▶ _Problem description_
Type out the lines below exactly, pictures excluded.

▶ _Record extracts_
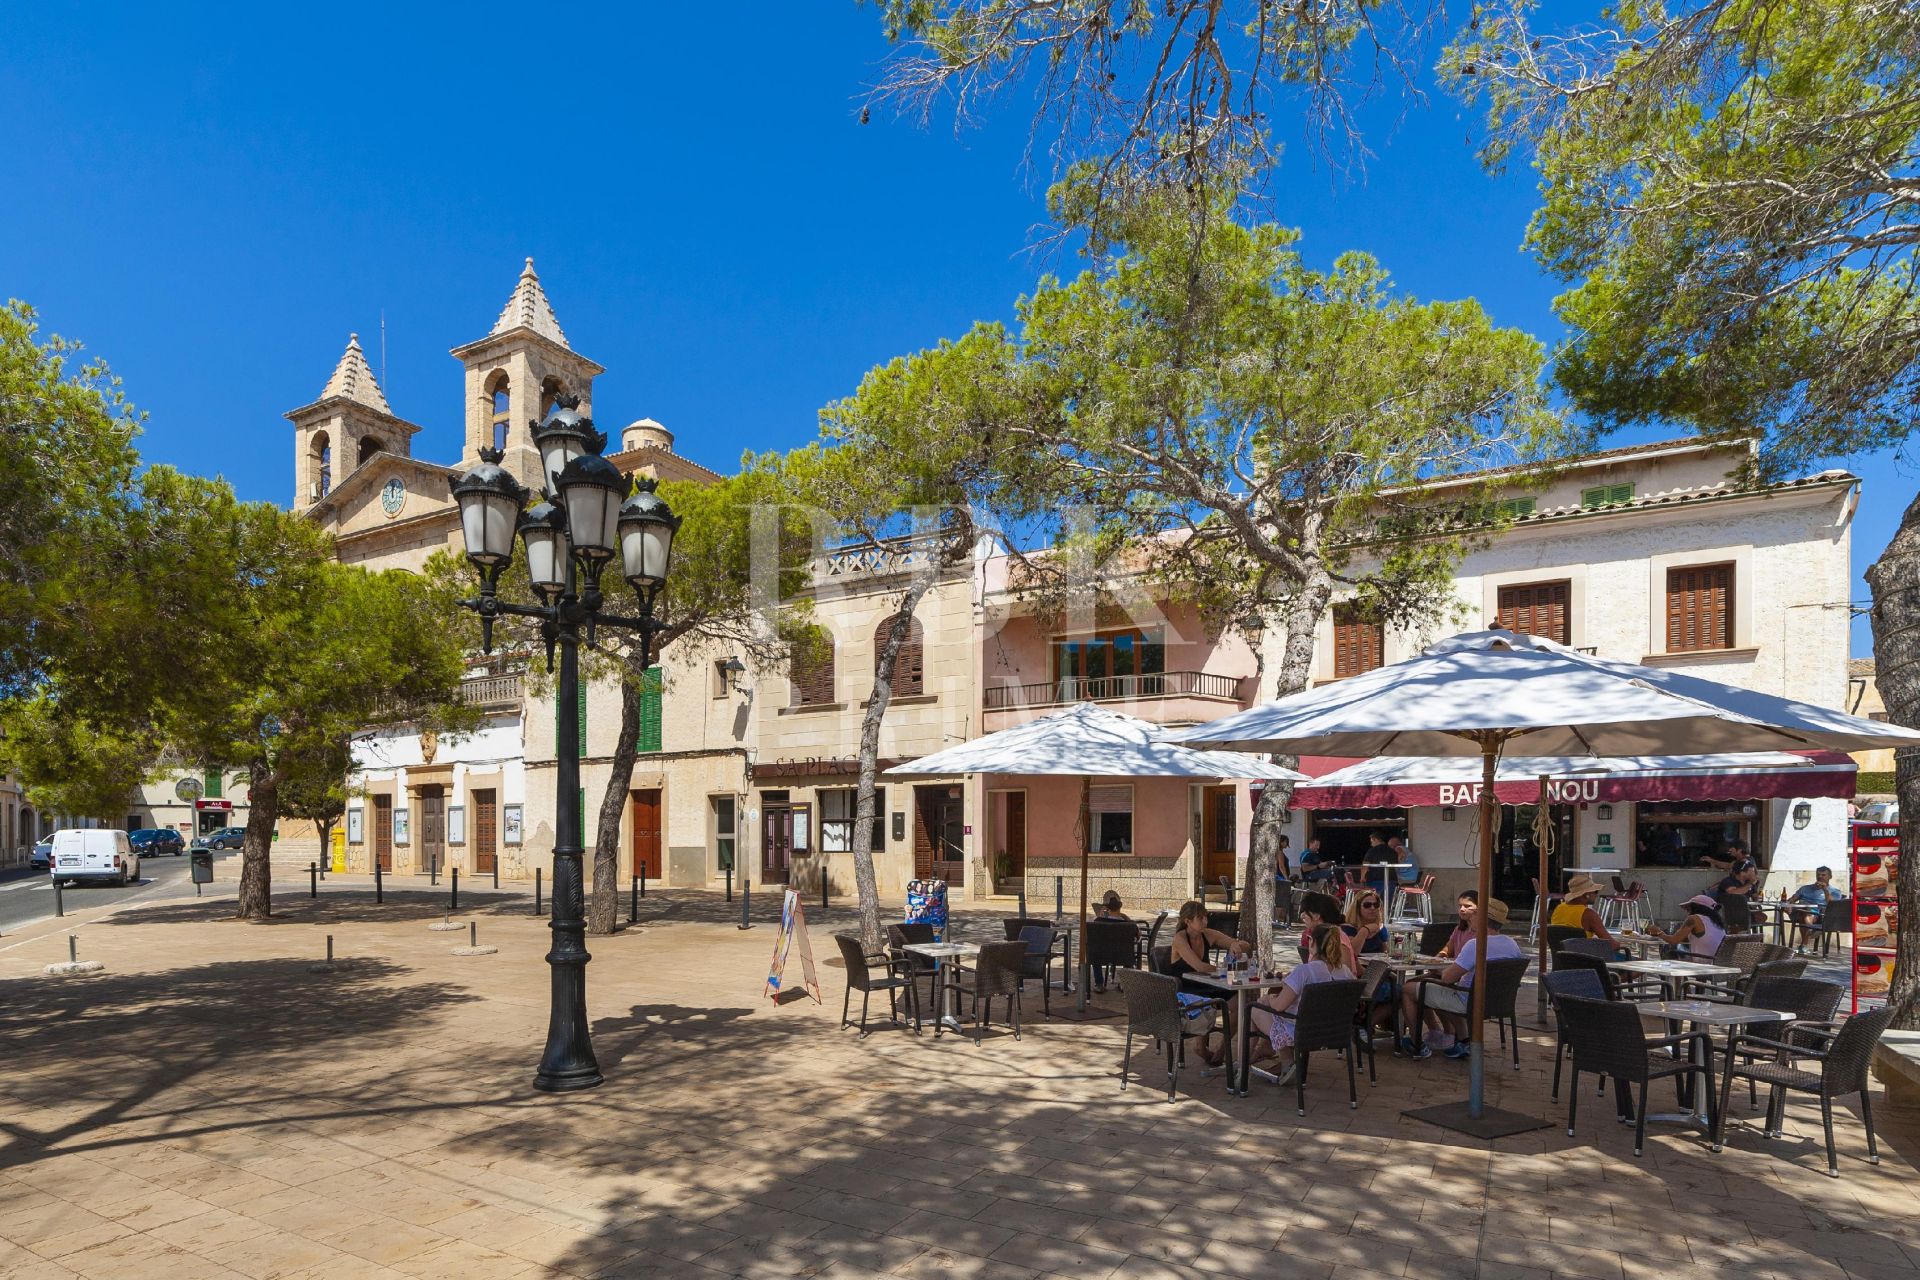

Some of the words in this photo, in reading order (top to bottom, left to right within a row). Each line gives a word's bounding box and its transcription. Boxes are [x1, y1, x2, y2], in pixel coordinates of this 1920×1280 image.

[776, 756, 799, 776] SA
[1546, 780, 1599, 801] NOU
[1871, 828, 1883, 837] BAR
[1883, 828, 1897, 837] NOU
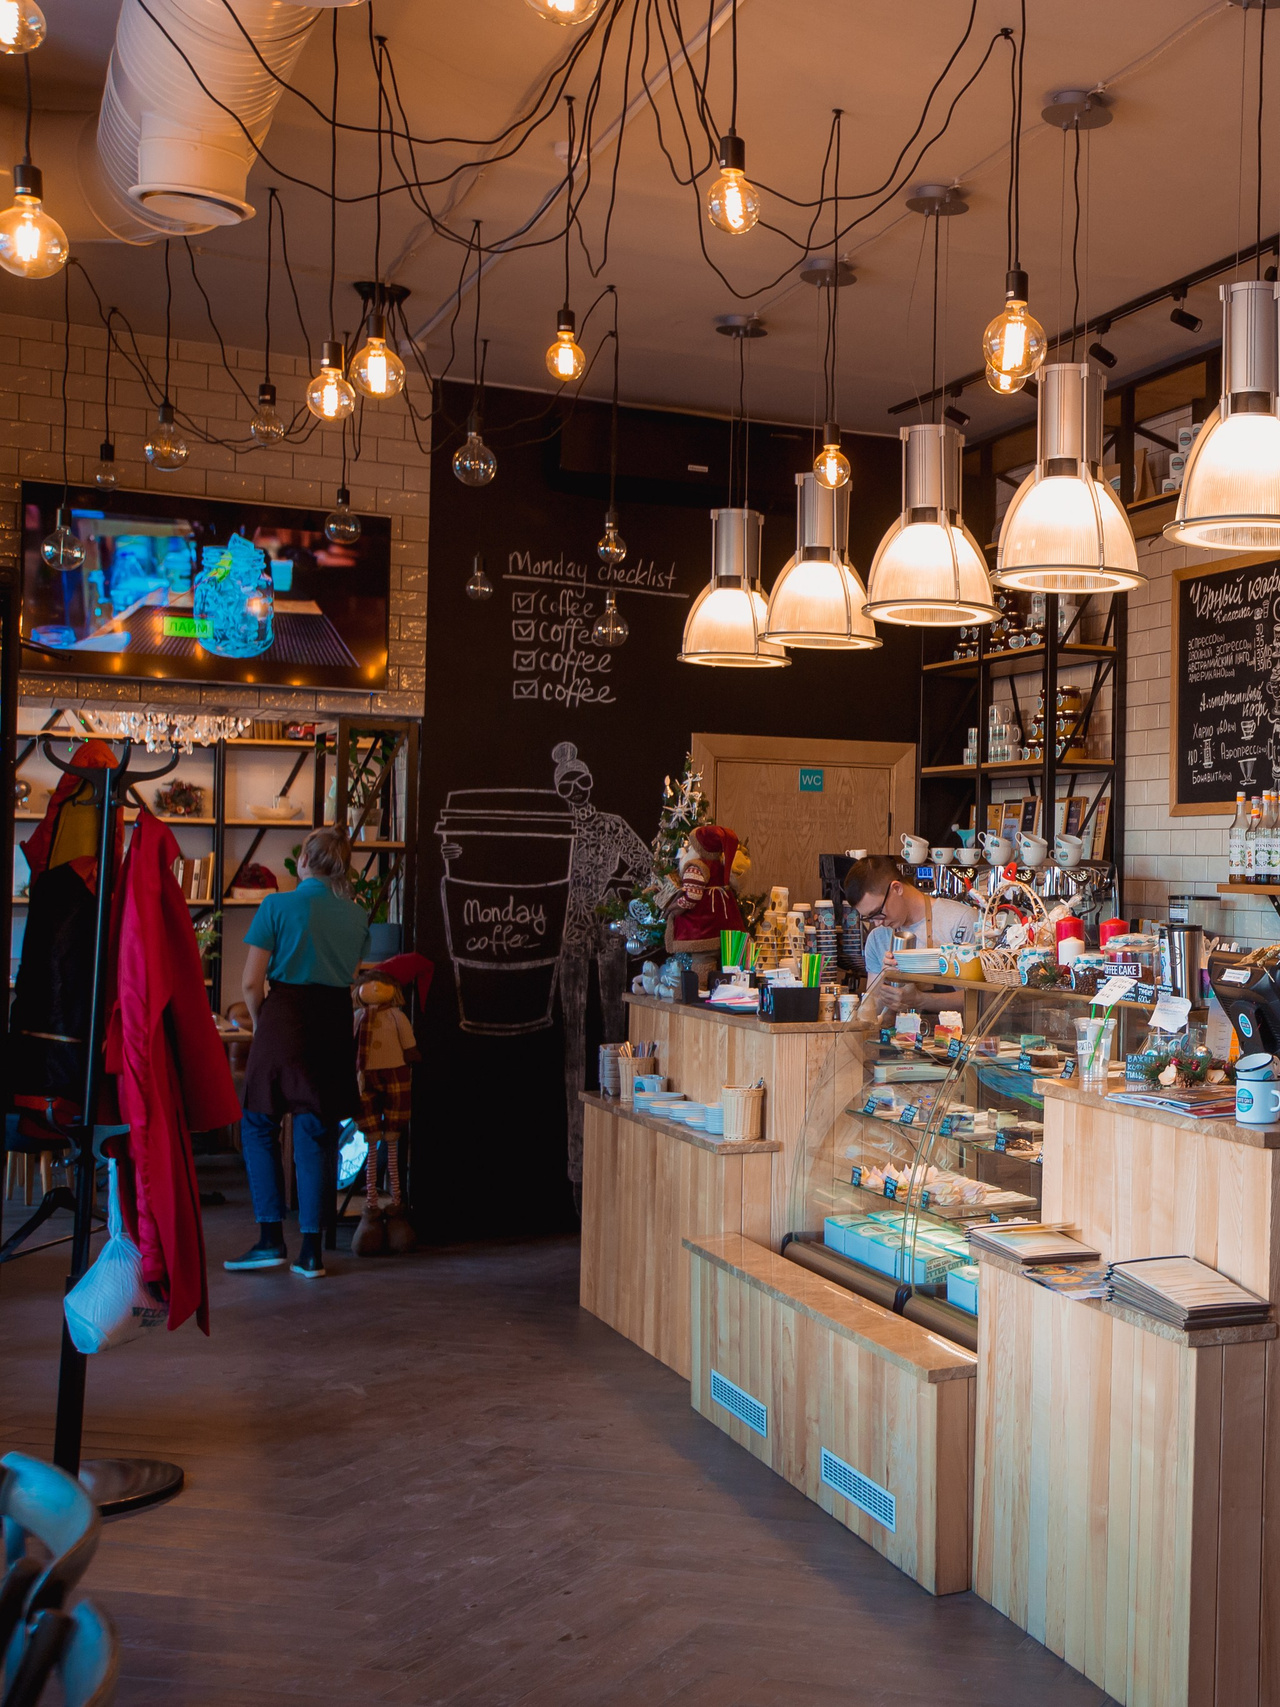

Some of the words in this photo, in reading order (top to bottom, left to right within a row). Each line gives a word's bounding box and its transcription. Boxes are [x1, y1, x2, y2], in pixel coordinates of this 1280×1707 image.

▶ _Task answer_
Some of the words in this photo, in reading order (top to bottom, left to right within a row). Each line gives a word's bounding box and its transcription. Boxes are [x1, y1, x2, y2], in pixel coordinates of this 1920×1280 image.

[776, 756, 799, 776] SA
[1546, 780, 1599, 801] NOU
[1871, 828, 1883, 837] BAR
[1883, 828, 1897, 837] NOU

Some of the words in this photo, in reading order (top to bottom, left to right within a row). Each line gives a word's bounding box and its transcription. Boxes are [x1, y1, x2, y2], in pixel coordinates of this 1280×1707 image.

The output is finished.